▶ **TASK STATEMENT**
The records below hold pictures; please leave those out and retype the rest exactly.

▶ **INPUT MATERIAL**
---
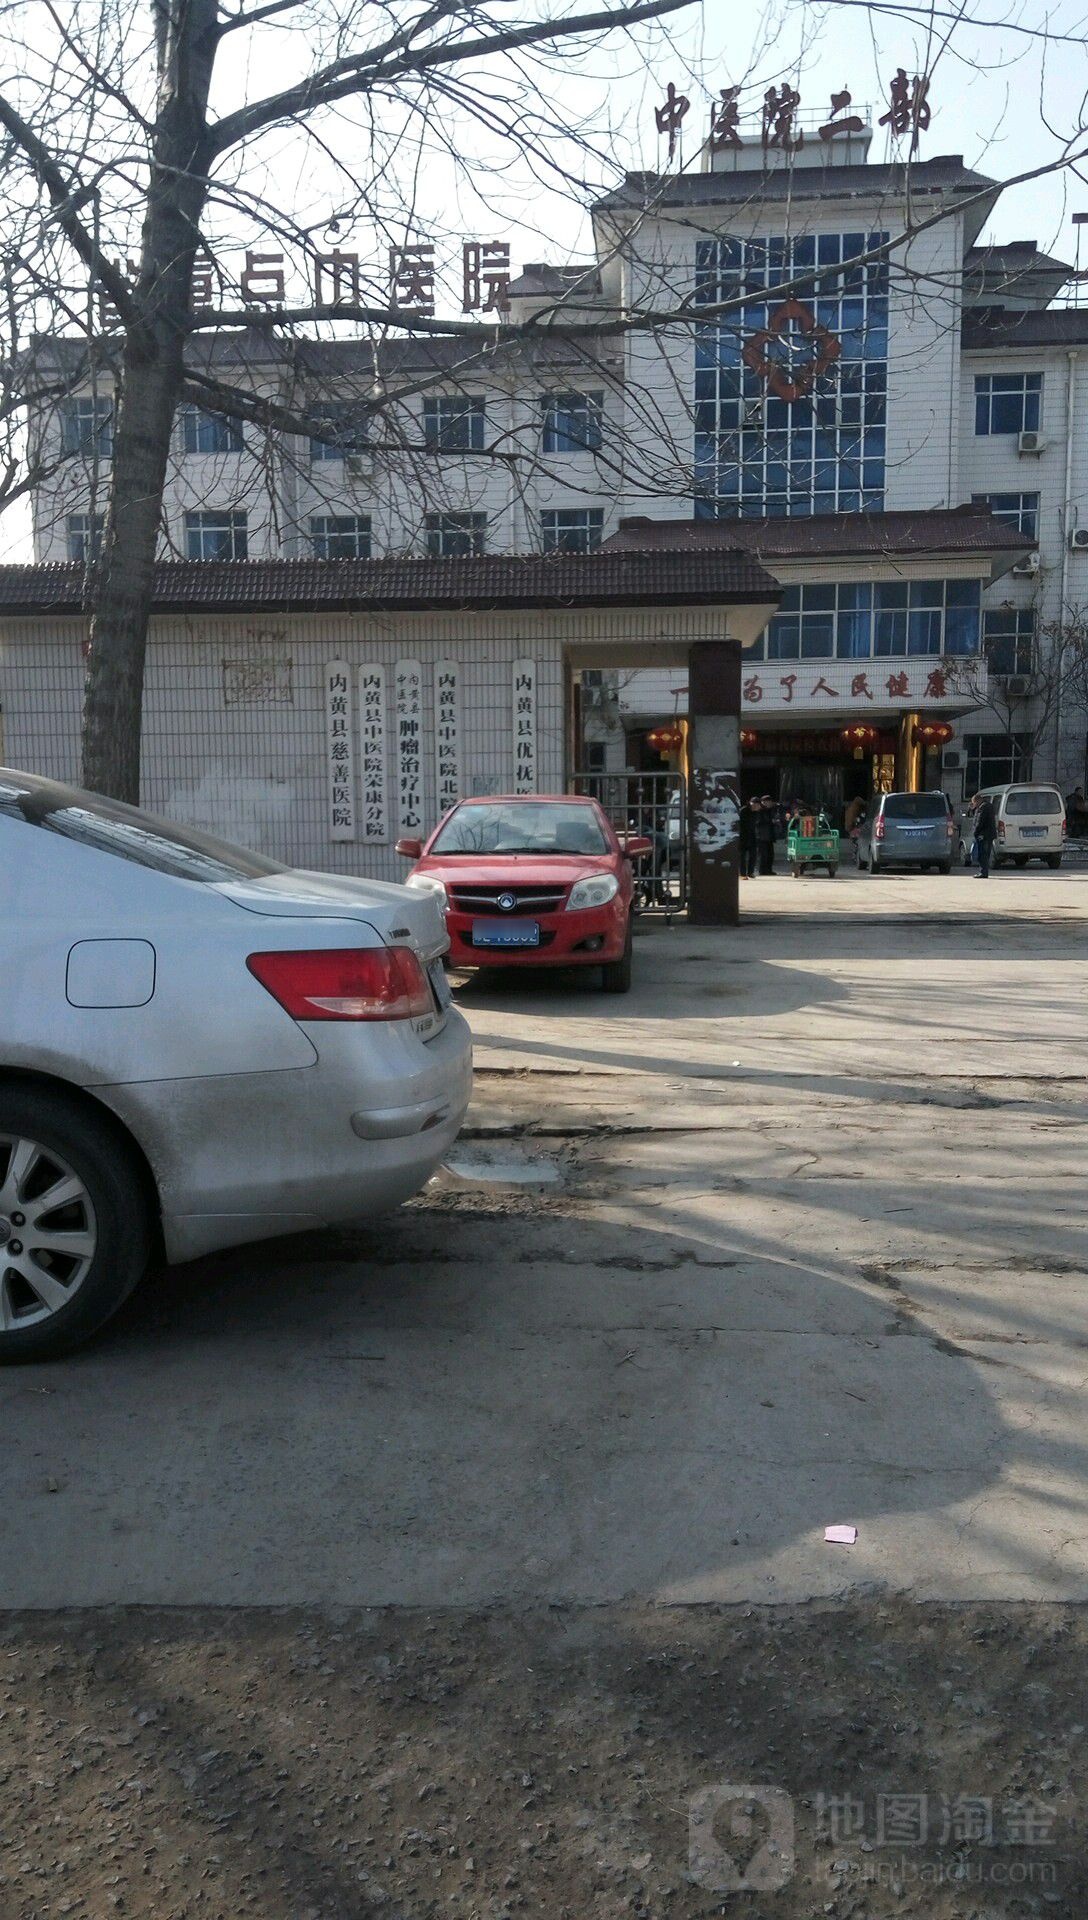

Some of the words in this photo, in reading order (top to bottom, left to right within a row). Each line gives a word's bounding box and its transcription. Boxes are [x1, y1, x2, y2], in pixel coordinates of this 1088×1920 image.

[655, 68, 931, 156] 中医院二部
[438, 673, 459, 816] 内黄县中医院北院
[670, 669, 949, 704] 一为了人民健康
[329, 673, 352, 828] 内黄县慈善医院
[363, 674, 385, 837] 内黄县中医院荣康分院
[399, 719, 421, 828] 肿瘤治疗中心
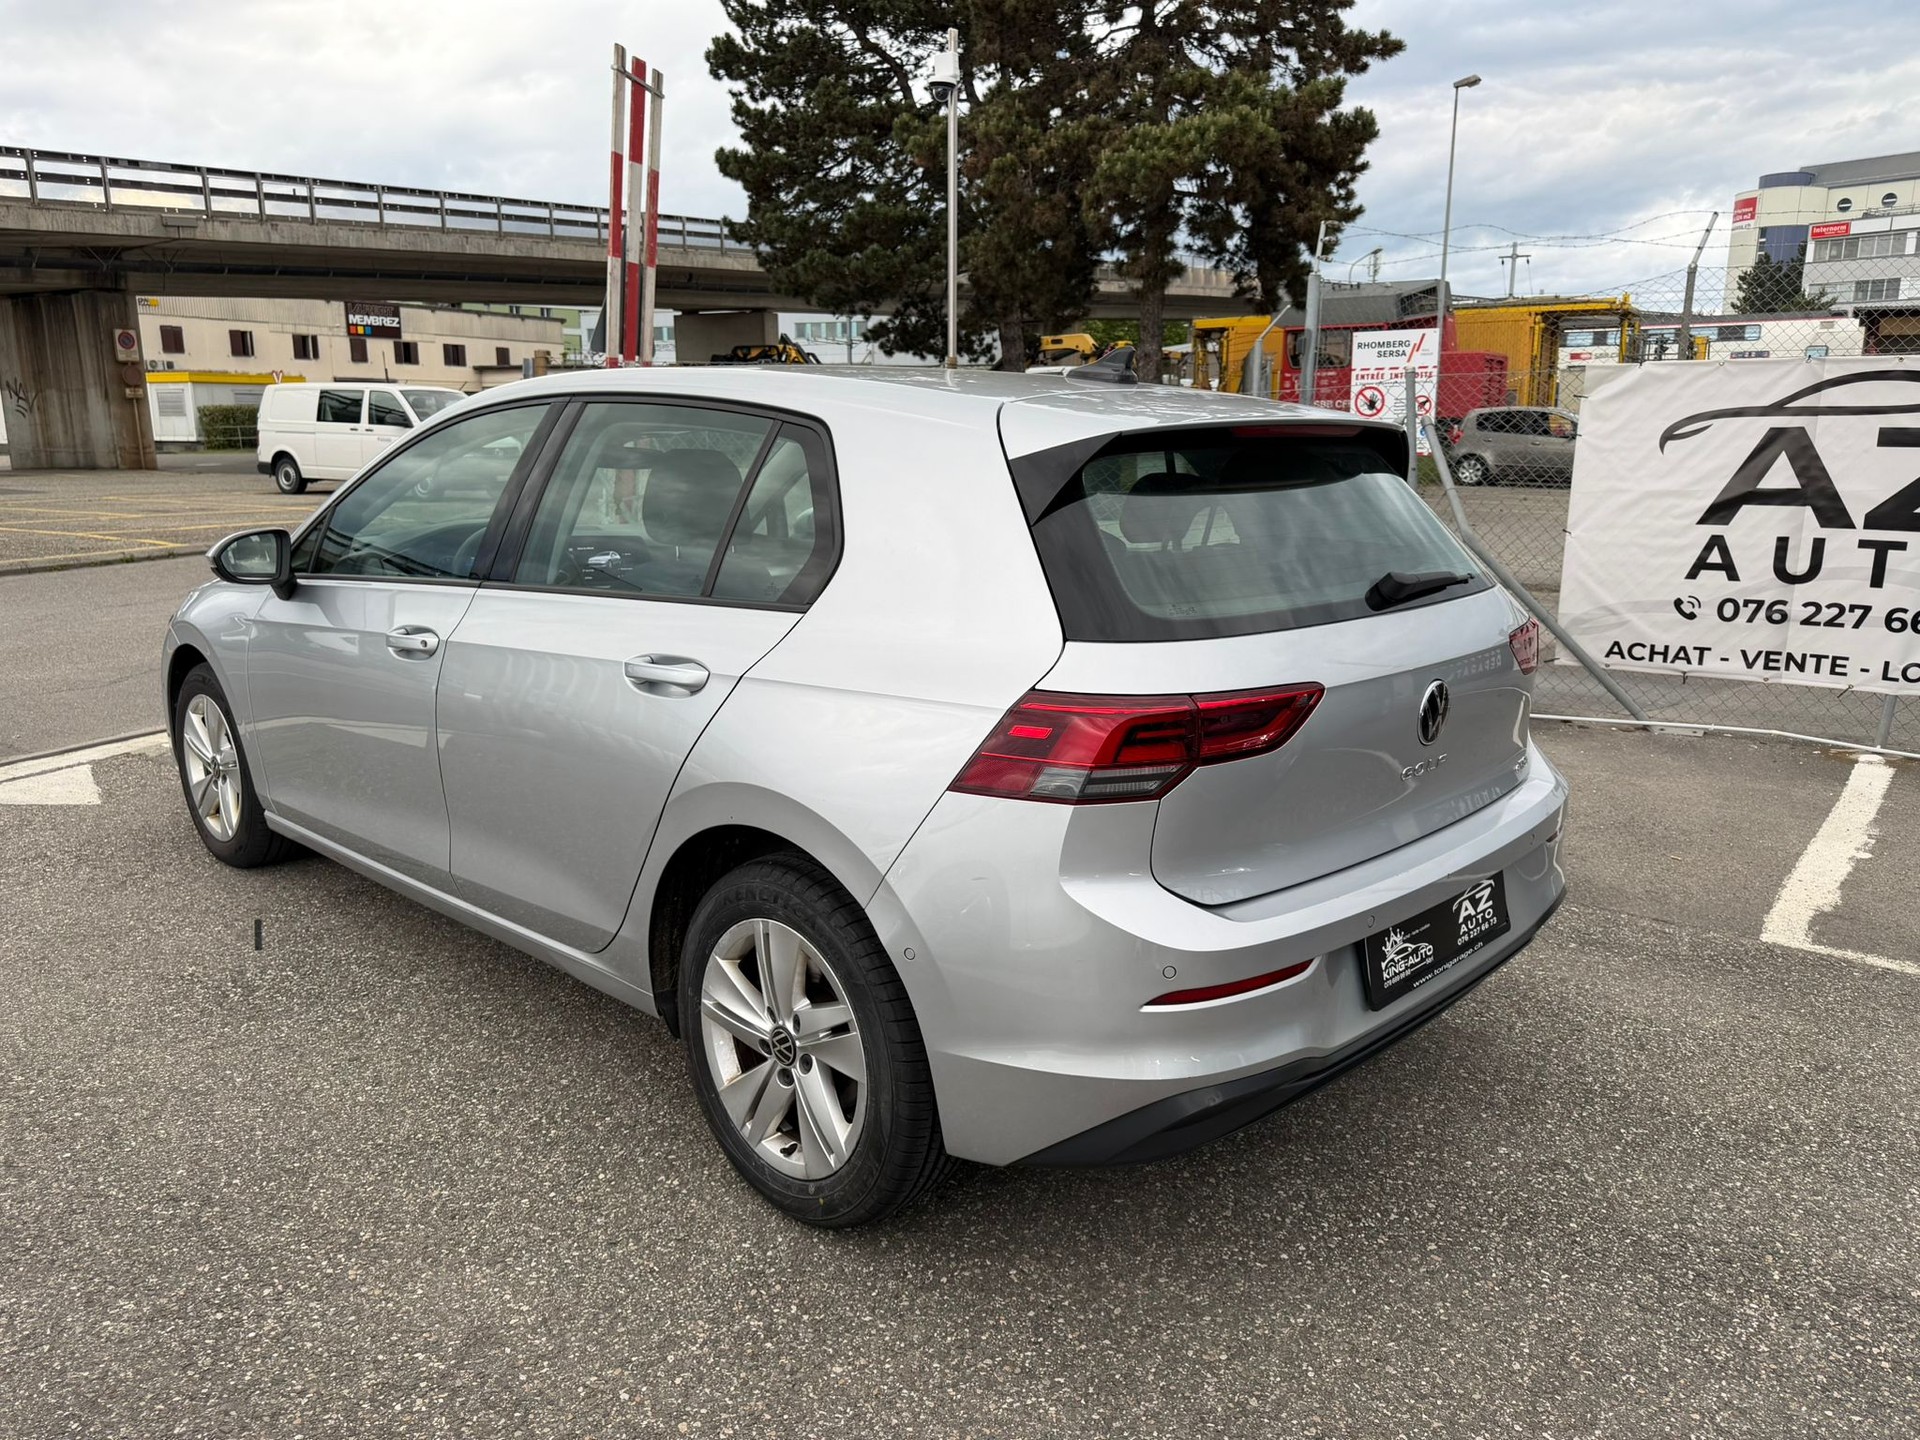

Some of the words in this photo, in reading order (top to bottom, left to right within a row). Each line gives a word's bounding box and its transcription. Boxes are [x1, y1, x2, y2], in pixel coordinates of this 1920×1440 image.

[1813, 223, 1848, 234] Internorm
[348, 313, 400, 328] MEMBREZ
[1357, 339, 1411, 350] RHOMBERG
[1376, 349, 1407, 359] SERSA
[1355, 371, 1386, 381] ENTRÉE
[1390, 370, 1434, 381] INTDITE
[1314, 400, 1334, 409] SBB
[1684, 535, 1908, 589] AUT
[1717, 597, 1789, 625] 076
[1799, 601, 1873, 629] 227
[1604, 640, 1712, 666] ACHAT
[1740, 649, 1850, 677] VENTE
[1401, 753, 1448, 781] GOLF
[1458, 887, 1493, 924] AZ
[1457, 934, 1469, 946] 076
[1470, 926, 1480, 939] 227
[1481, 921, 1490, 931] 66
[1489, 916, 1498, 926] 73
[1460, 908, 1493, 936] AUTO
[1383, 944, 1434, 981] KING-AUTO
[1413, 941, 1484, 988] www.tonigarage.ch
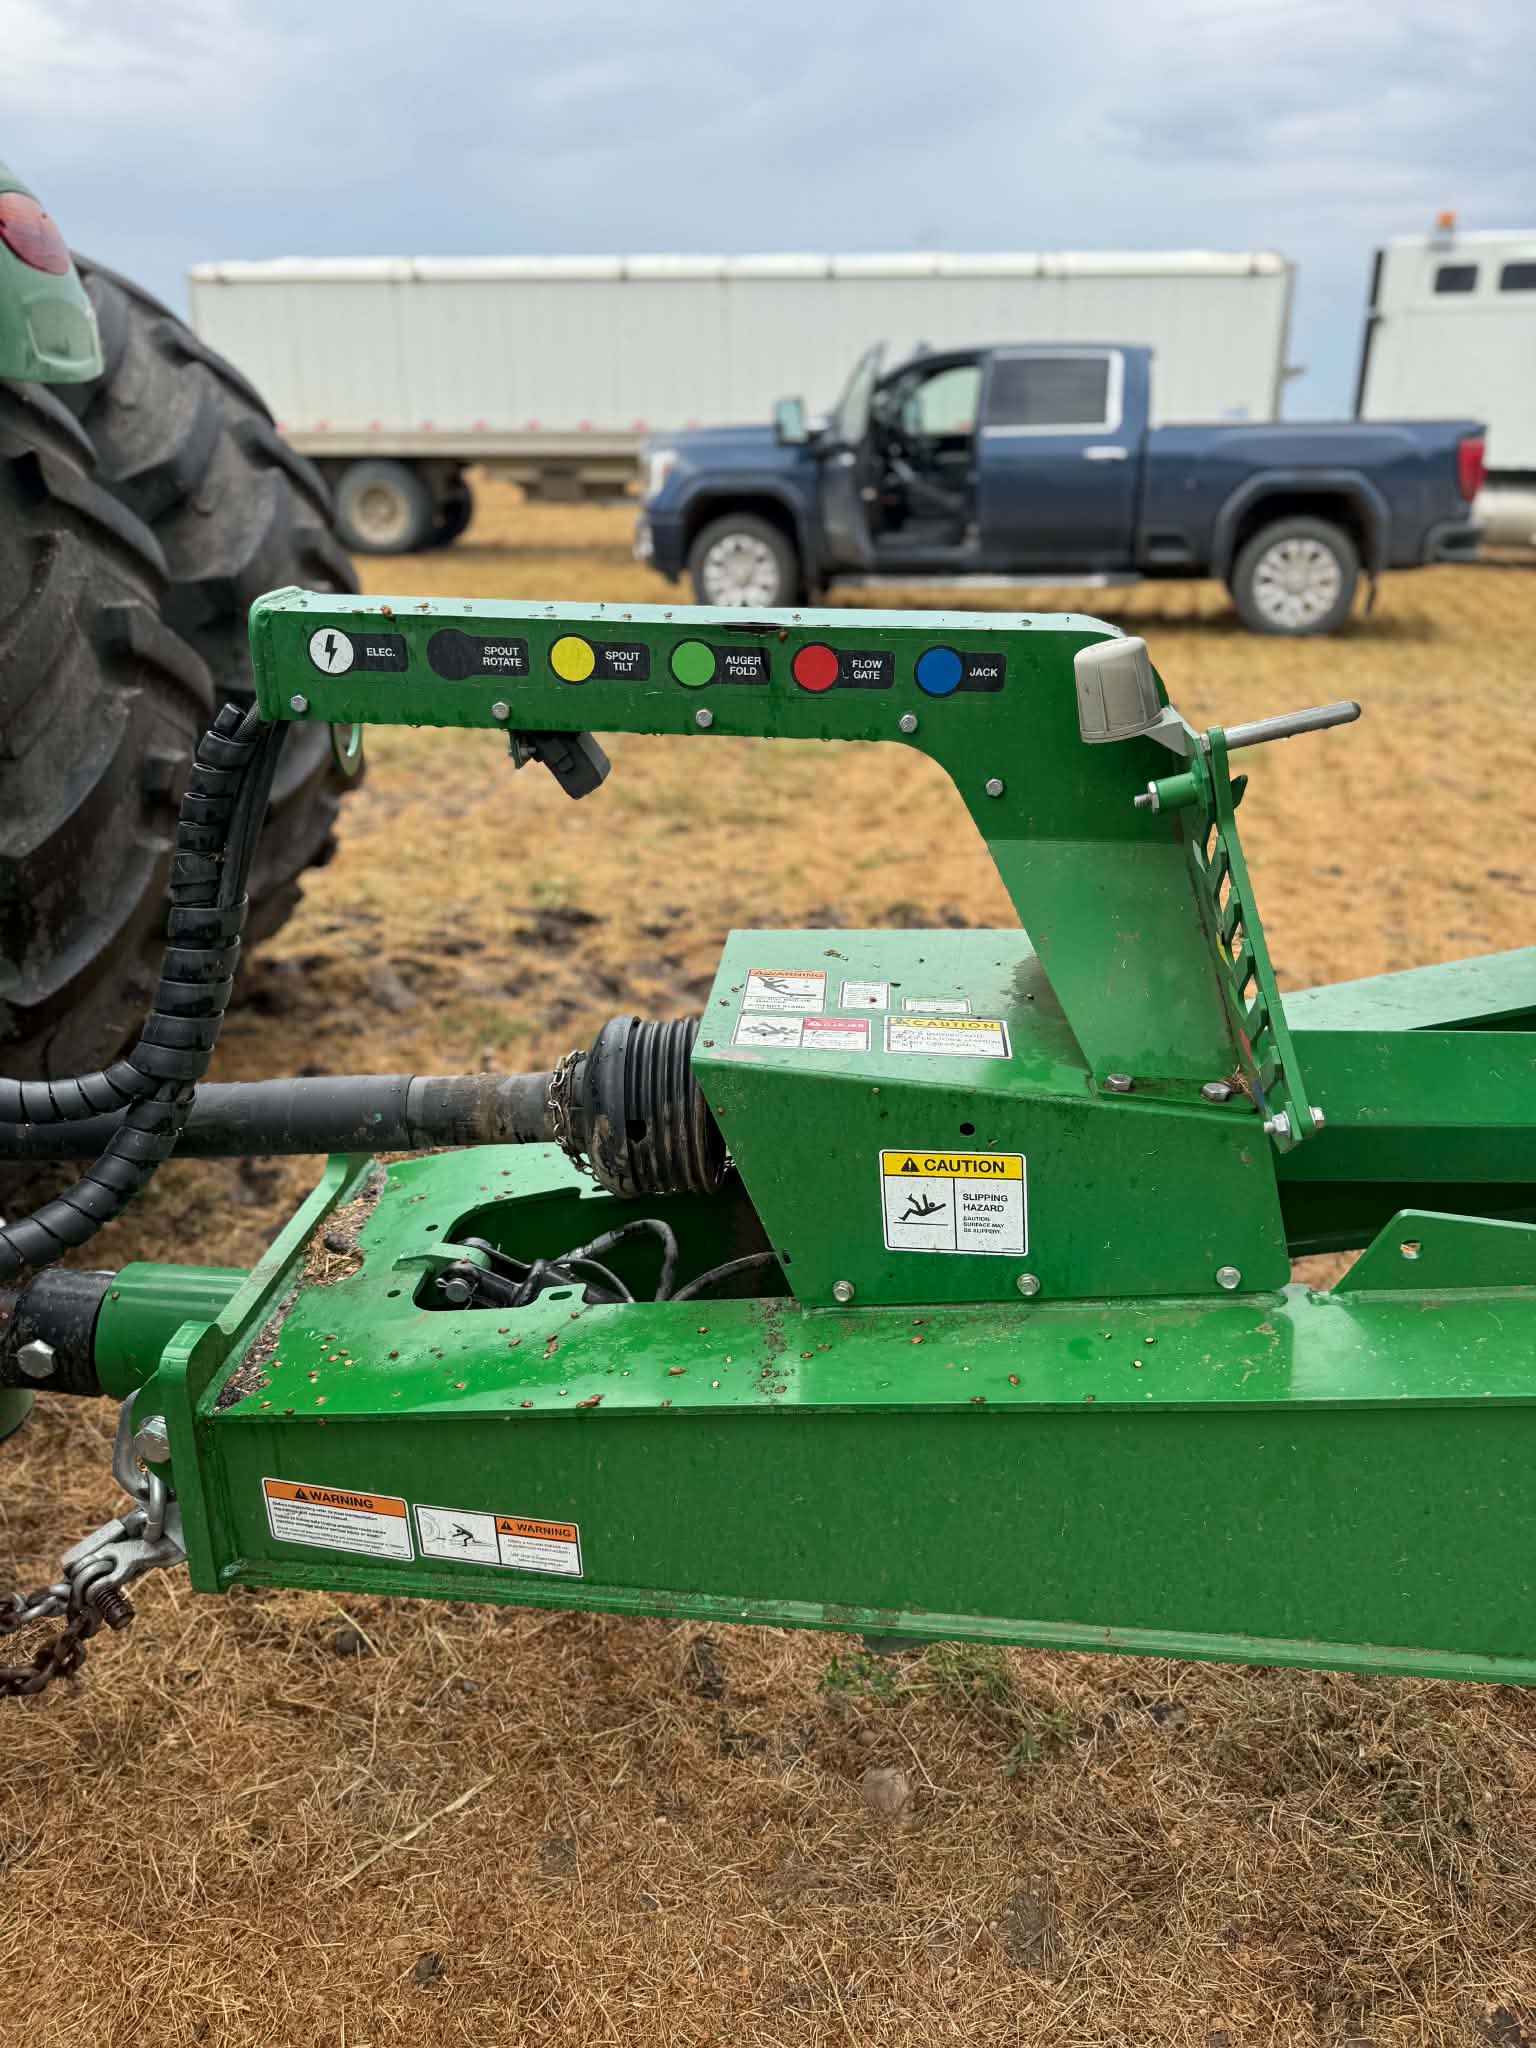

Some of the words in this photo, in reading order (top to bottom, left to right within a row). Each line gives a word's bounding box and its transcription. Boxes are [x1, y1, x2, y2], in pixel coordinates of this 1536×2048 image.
---
▶ **RESPONSE AREA**
Some of the words in this photo, in reading order (top to bottom, left to right within a row). Each line gives a word's bounding box and its transcription. Boxes are [x1, y1, x2, y2], in pixel coordinates of this 1088×1920 image.

[655, 68, 931, 156] 中医院二部
[438, 673, 459, 816] 内黄县中医院北院
[670, 669, 949, 704] 一为了人民健康
[329, 673, 352, 828] 内黄县慈善医院
[363, 674, 385, 837] 内黄县中医院荣康分院
[399, 719, 421, 828] 肿瘤治疗中心

Some of the words in this photo, in reading order (top to bottom, left to right within a row). Each line gives a word's bounding box and its transcription. Boxes are [x1, y1, x2, y2], in pixel coordinates of this 1920×1440 image.

[1813, 223, 1848, 234] Internorm
[348, 313, 400, 328] MEMBREZ
[1357, 339, 1411, 350] RHOMBERG
[1376, 349, 1407, 359] SERSA
[1355, 371, 1386, 381] ENTRÉE
[1390, 370, 1434, 381] INTDITE
[1314, 400, 1334, 409] SBB
[1684, 535, 1908, 589] AUT
[1717, 597, 1789, 625] 076
[1799, 601, 1873, 629] 227
[1604, 640, 1712, 666] ACHAT
[1740, 649, 1850, 677] VENTE
[1401, 753, 1448, 781] GOLF
[1458, 887, 1493, 924] AZ
[1457, 934, 1469, 946] 076
[1470, 926, 1480, 939] 227
[1481, 921, 1490, 931] 66
[1489, 916, 1498, 926] 73
[1460, 908, 1493, 936] AUTO
[1383, 944, 1434, 981] KING-AUTO
[1413, 941, 1484, 988] www.tonigarage.ch

Some of the words in this photo, in reading order (top to bottom, left to right within a row). Each line gives a word's bounding box and its transcription. Boxes are [x1, y1, x2, y2], in pixel coordinates of this 1536×2048 image.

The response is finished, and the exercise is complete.